Good enough until it gets better
No one should expect that simultaneously making a favorite dish while chatting on Zoom with a faraway relative is as good as a kitchen full of family, or that texting pictures of a pie is as good as sitting down together to eat it.
“We want to see [holiday traditions] for what they are — they’re symbolic. They’re a gesture. It’s not going to be like normal. It’s a placeholder until we can do things safely again,” says Covey. These symbolic rituals that honor our past traditions are not as good as what we did before the pandemic, or what we will do after it. But they can be good enough for now.
Quarantine-good holidays may be a bit of a hard sell to the kids, who can be even more attached to traditions than adults. Covey says the TV show “Nailed It,” in which amateur bakers are set up to fail, with hilarious results, is an excellent model for approaching the holidays this year.

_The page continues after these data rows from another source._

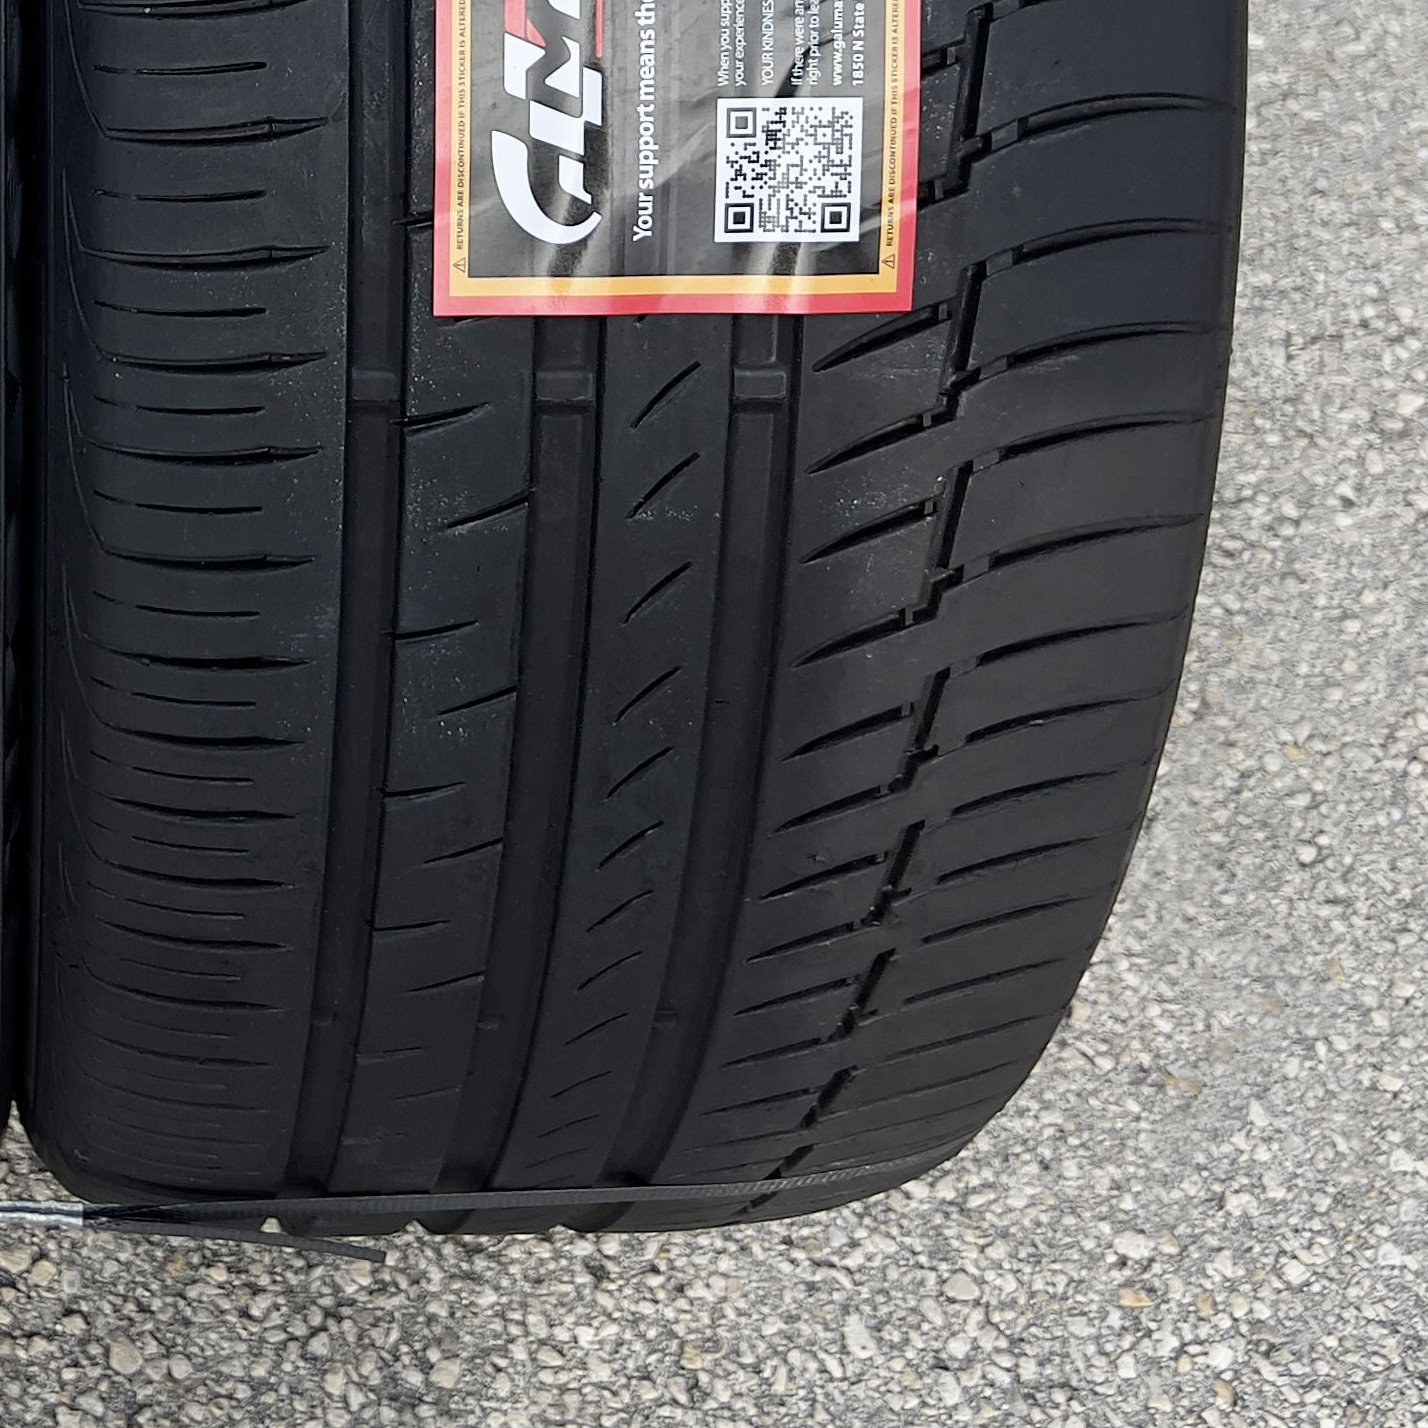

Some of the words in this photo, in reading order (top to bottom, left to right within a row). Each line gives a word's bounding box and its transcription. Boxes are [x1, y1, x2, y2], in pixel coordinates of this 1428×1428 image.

[851, 2, 864, 38] State
[851, 40, 864, 51] N
[637, 28, 655, 101] means
[761, 52, 774, 86] YOUR
[851, 53, 864, 86] 1850
[631, 103, 659, 192] support
[631, 190, 654, 241] Your

“I think the best way is to be lighthearted and use humor,” says Covey. If parents model a can-do attitude and laugh at the inevitable absurdities of a socially distant holiday, kids will follow suit.
Of course, when so many treasured experiences are out of reach, it’s natural to feel disappointment and even grief some of the time. But remaining hung up on high expectations or mired in grief makes it impossible to fulfill a parent’s role of leading the way to a good-enough holiday season during a hard time. For some parents, especially single parents, those who are out of work or those who have lost loved ones to the virus, approaching the holidays with humor and joy may be too tall an order.
“There are going to be people who aren’t able to do this, and those parents who are really struggling should reach out [for support],” says Covey. Whether it means talking to a therapist, a parent coach, support group, family or friends, some parents need more help to carry the family through the holidays. Getting help when you need it can make the difference between just surviving the holidays and enjoying a meaningful, good-enough holiday season.